§ **Exercise objective**
Without including any pictures, write out all the records word for word.

§ **Information supplied**
###

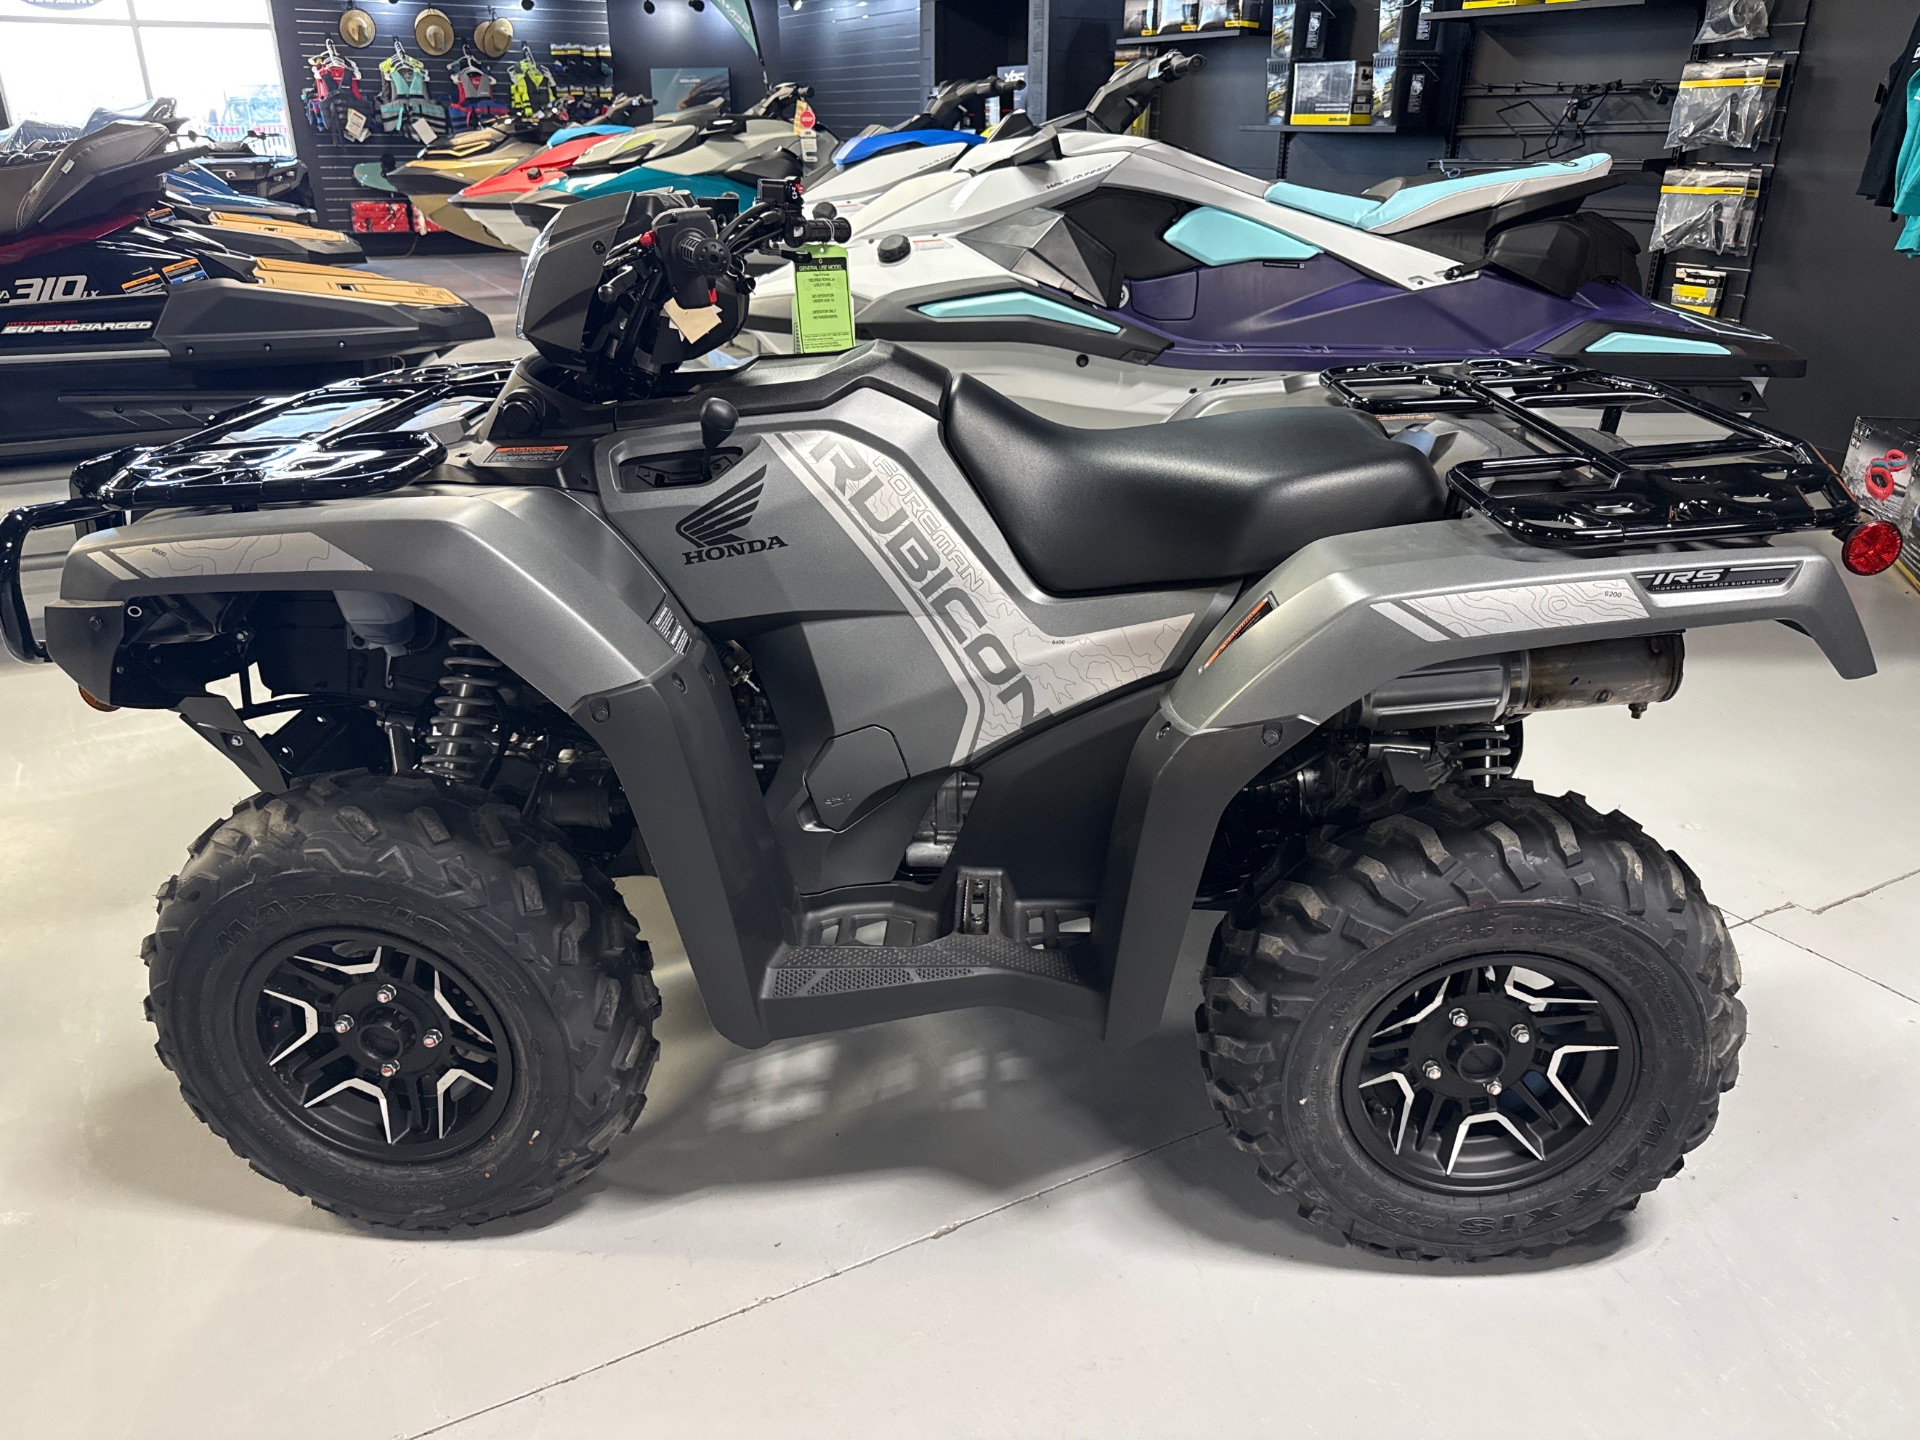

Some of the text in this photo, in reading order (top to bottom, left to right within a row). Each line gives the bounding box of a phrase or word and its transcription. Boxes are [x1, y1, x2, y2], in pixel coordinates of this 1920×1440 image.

[8, 274, 88, 302] 310
[0, 321, 153, 335] SUPERCHARGED
[872, 455, 984, 592] FOREMAN
[681, 535, 789, 565] HONDA
[809, 436, 1055, 733] RUBICON
[1652, 568, 1725, 586] IRS
[1652, 583, 1706, 591] INDEPENDENT
[1731, 578, 1780, 586] SUSPENSION
[1604, 590, 1623, 598] 6200
[215, 892, 457, 957] MAXXIS
[1459, 1099, 1668, 1237] MAXXIS
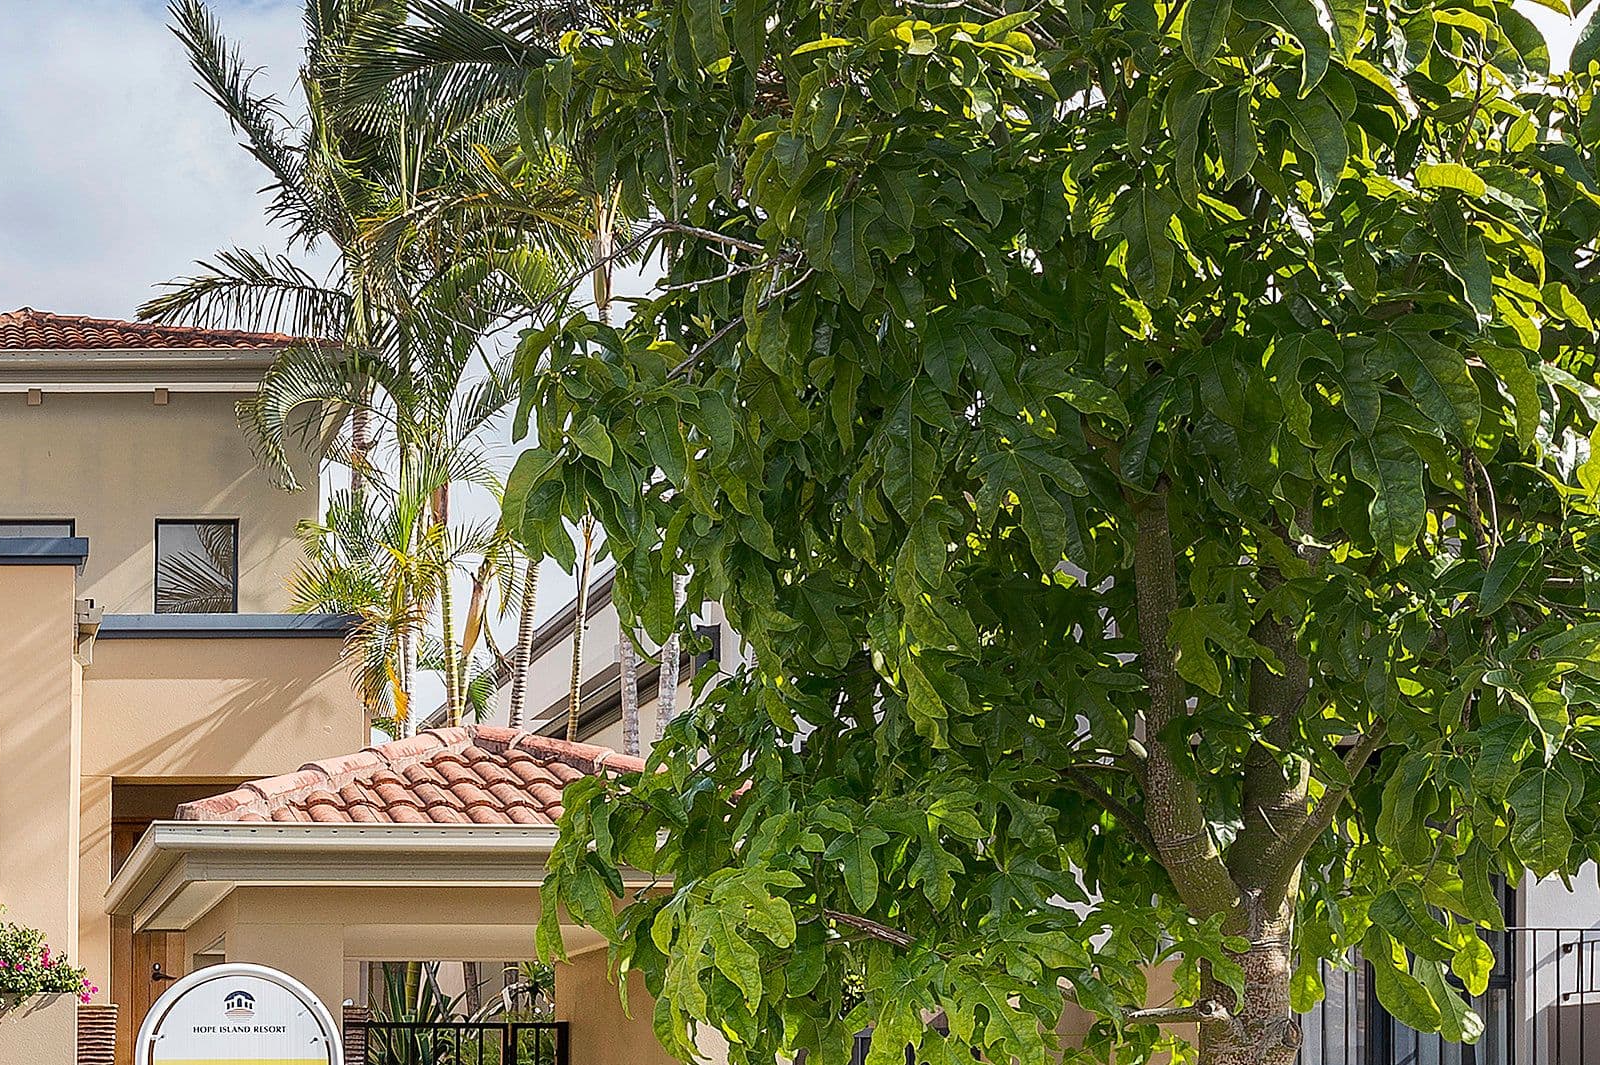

###

§ **Answer for the task**
Some of the text in this photo, in reading order (top to bottom, left to right within a row). Each line gives the bounding box of a phrase or word and its transcription. Boxes are [x1, y1, x2, y2], in pixel coordinates of this 1920×1440 image.

[8, 274, 88, 302] 310
[0, 321, 153, 335] SUPERCHARGED
[872, 455, 984, 592] FOREMAN
[681, 535, 789, 565] HONDA
[809, 436, 1055, 733] RUBICON
[1652, 568, 1725, 586] IRS
[1652, 583, 1706, 591] INDEPENDENT
[1731, 578, 1780, 586] SUSPENSION
[1604, 590, 1623, 598] 6200
[215, 892, 457, 957] MAXXIS
[1459, 1099, 1668, 1237] MAXXIS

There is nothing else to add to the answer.